### ACTIVITY
Once the pictures are set aside, copy the records below exactly as they stand.

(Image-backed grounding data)
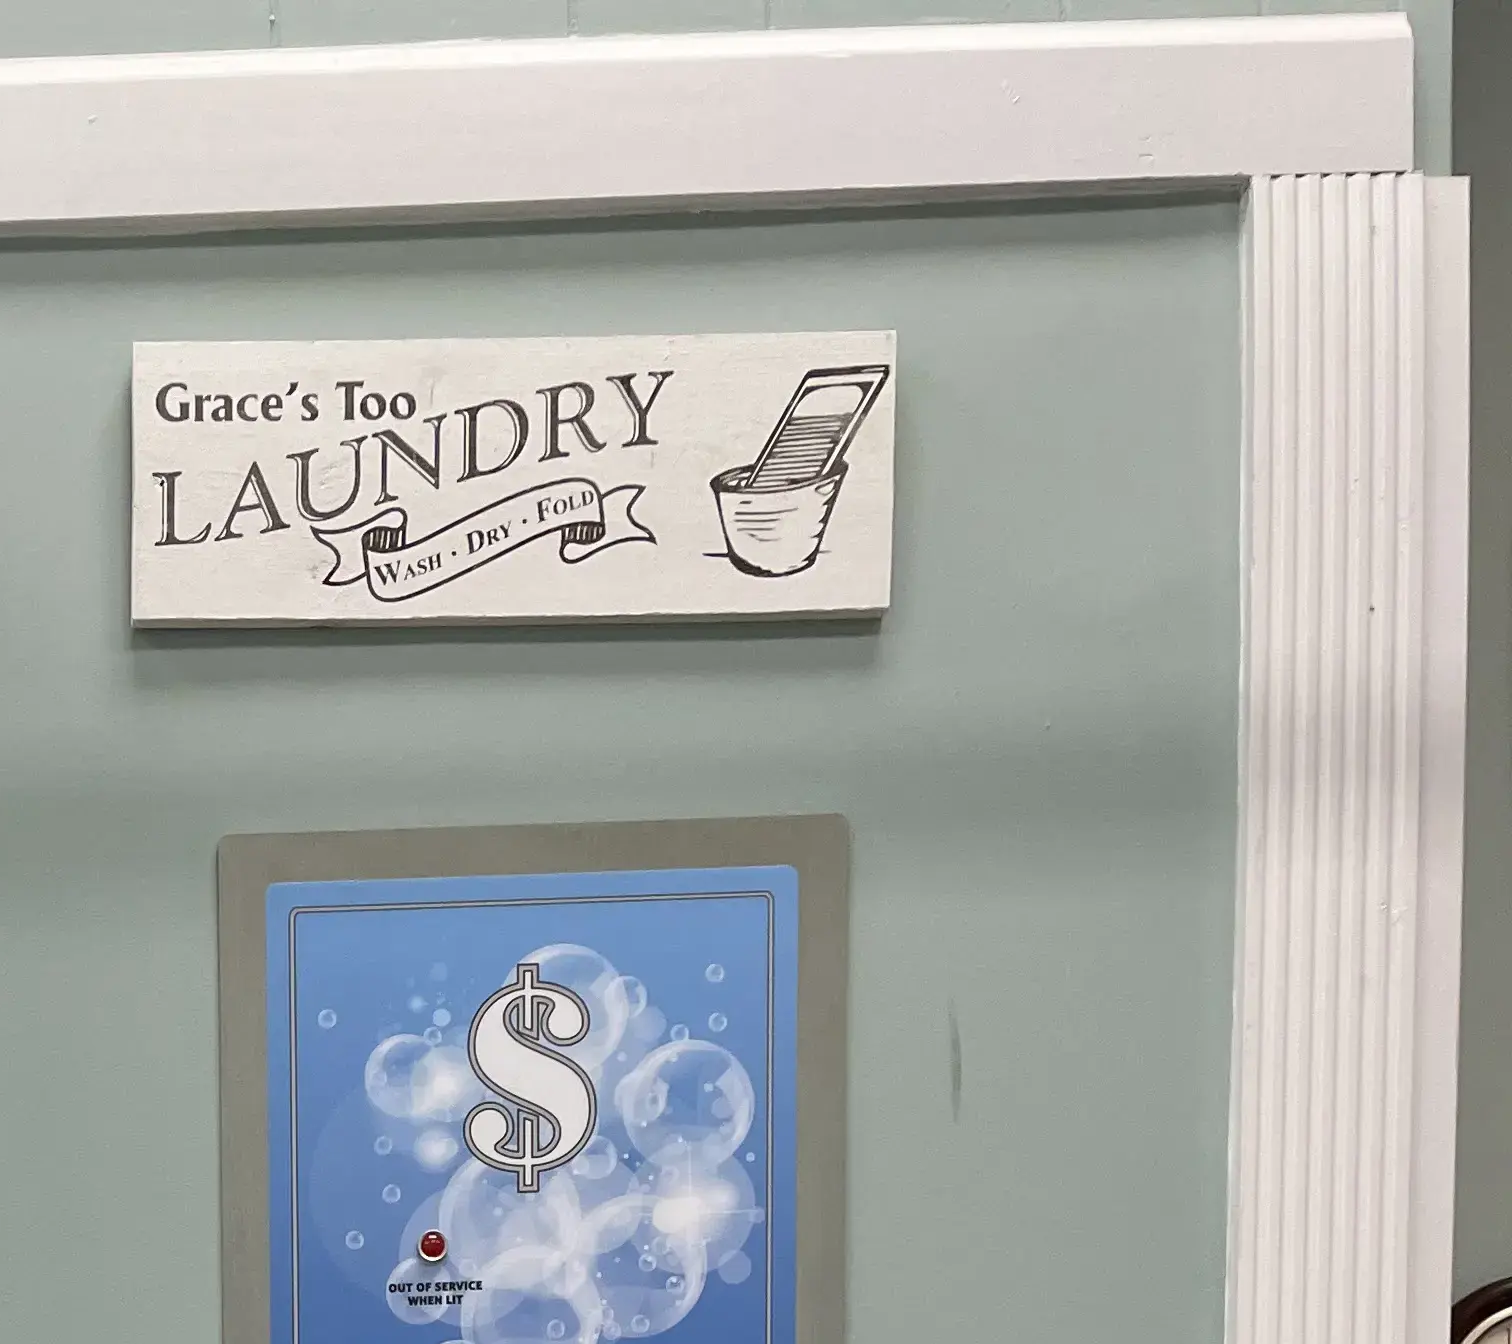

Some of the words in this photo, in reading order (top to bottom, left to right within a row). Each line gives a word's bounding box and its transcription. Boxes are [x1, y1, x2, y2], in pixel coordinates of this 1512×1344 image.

[156, 381, 319, 423] Grace's
[335, 380, 417, 421] Too
[153, 369, 675, 547] LAUNDRY
[462, 962, 598, 1194] $
[388, 1283, 413, 1293] OUT
[416, 1282, 432, 1292] OF
[434, 1280, 483, 1292] SERVICE
[407, 1295, 443, 1306] WHEN
[445, 1294, 464, 1305] LIT
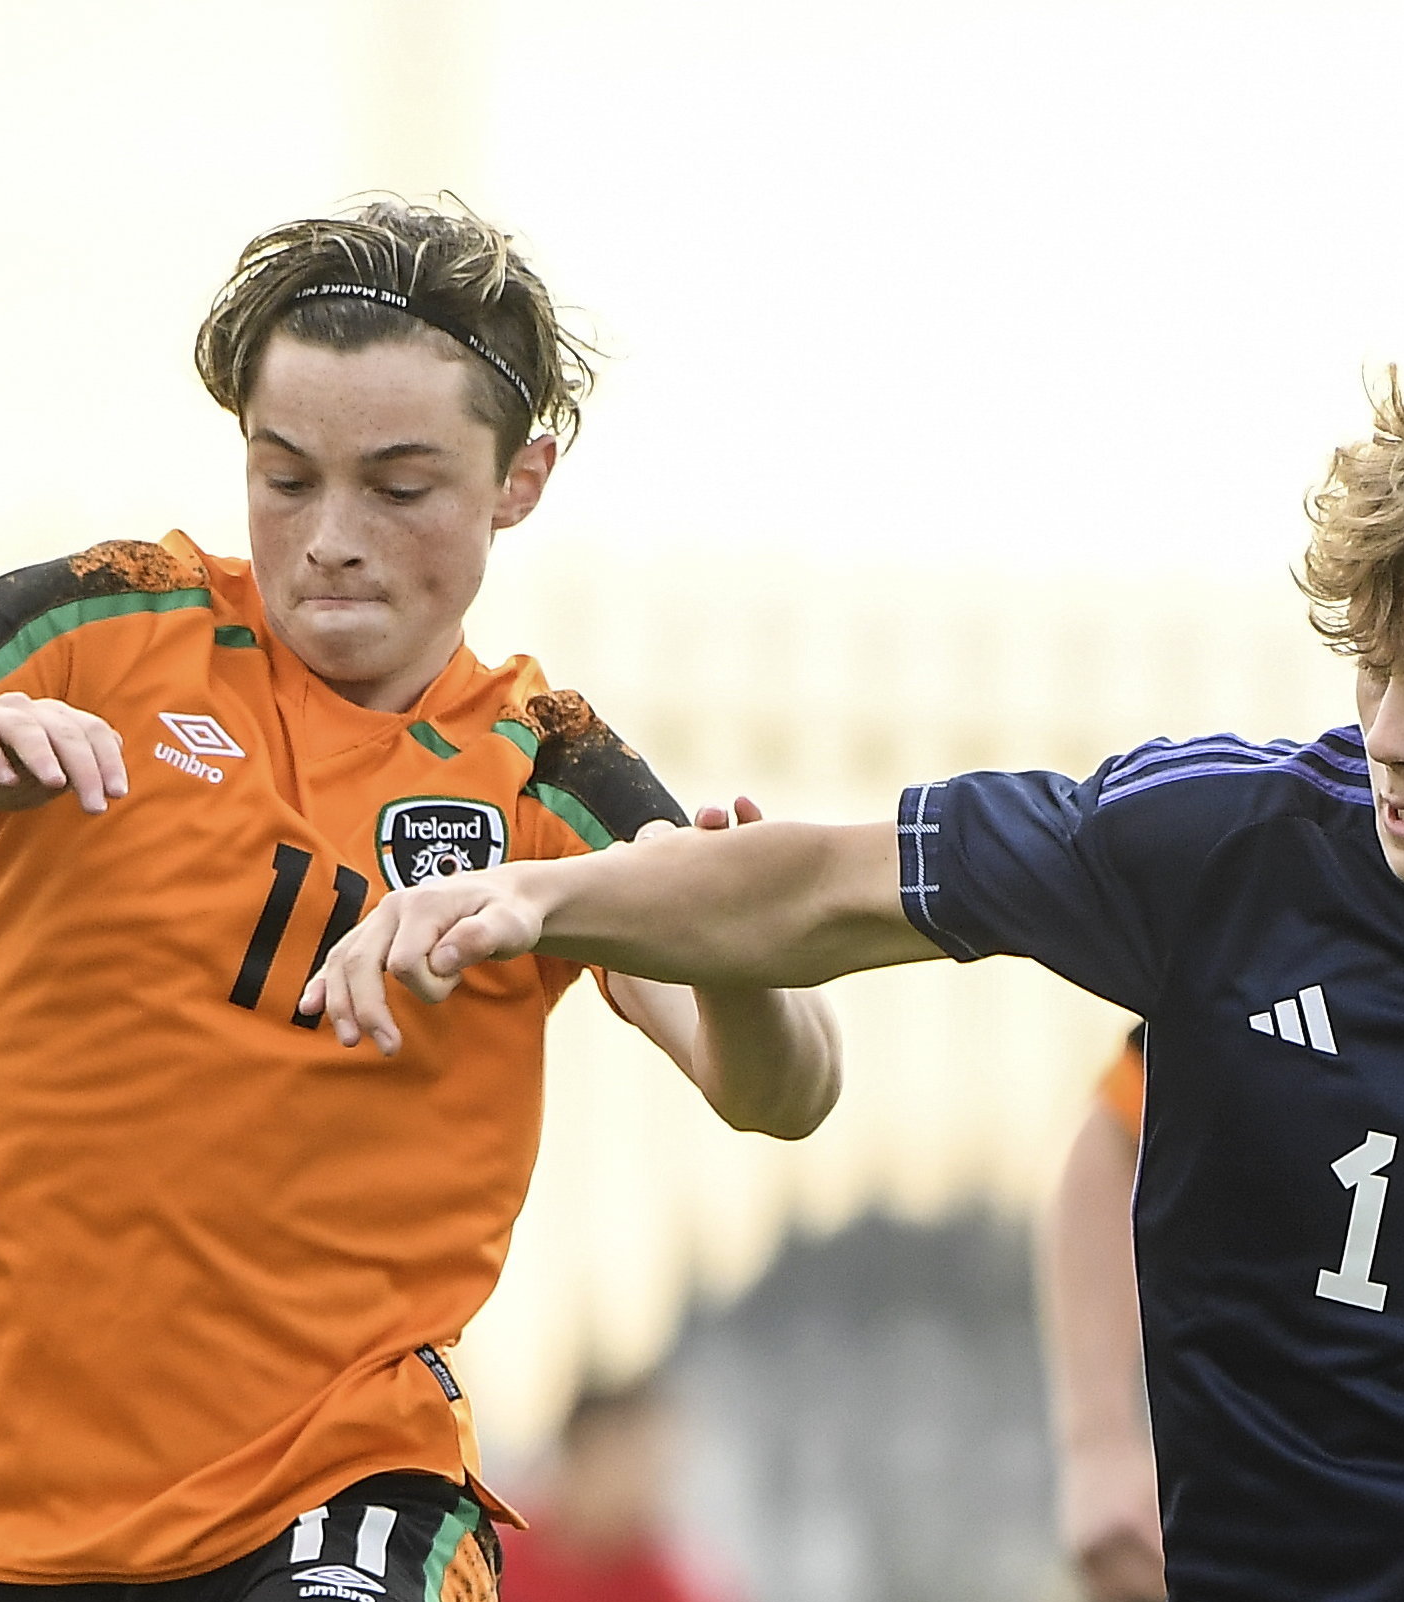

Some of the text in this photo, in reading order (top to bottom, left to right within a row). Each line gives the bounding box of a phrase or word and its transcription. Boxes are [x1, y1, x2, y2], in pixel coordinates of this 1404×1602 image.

[153, 742, 225, 785] umbro
[402, 814, 482, 842] Ireland
[229, 842, 370, 1030] 11

### PROBLEM SOLUTION
Some of the words in this photo, in reading order (top to bottom, left to right within a row). Each line gives a word's bounding box and its transcription. Boxes are [x1, y1, x2, y2], in pixel coordinates of this 1512×1344 image.

[156, 381, 319, 423] Grace's
[335, 380, 417, 421] Too
[153, 369, 675, 547] LAUNDRY
[462, 962, 598, 1194] $
[388, 1283, 413, 1293] OUT
[416, 1282, 432, 1292] OF
[434, 1280, 483, 1292] SERVICE
[407, 1295, 443, 1306] WHEN
[445, 1294, 464, 1305] LIT

Some of the text in this photo, in reading order (top to bottom, left to right within a row). Each line gives the bounding box of a phrase or word and its transcription. Boxes are [x1, y1, x2, y2], in pixel coordinates of this 1404×1602 image.

[153, 742, 225, 785] umbro
[402, 814, 482, 842] Ireland
[229, 842, 370, 1030] 11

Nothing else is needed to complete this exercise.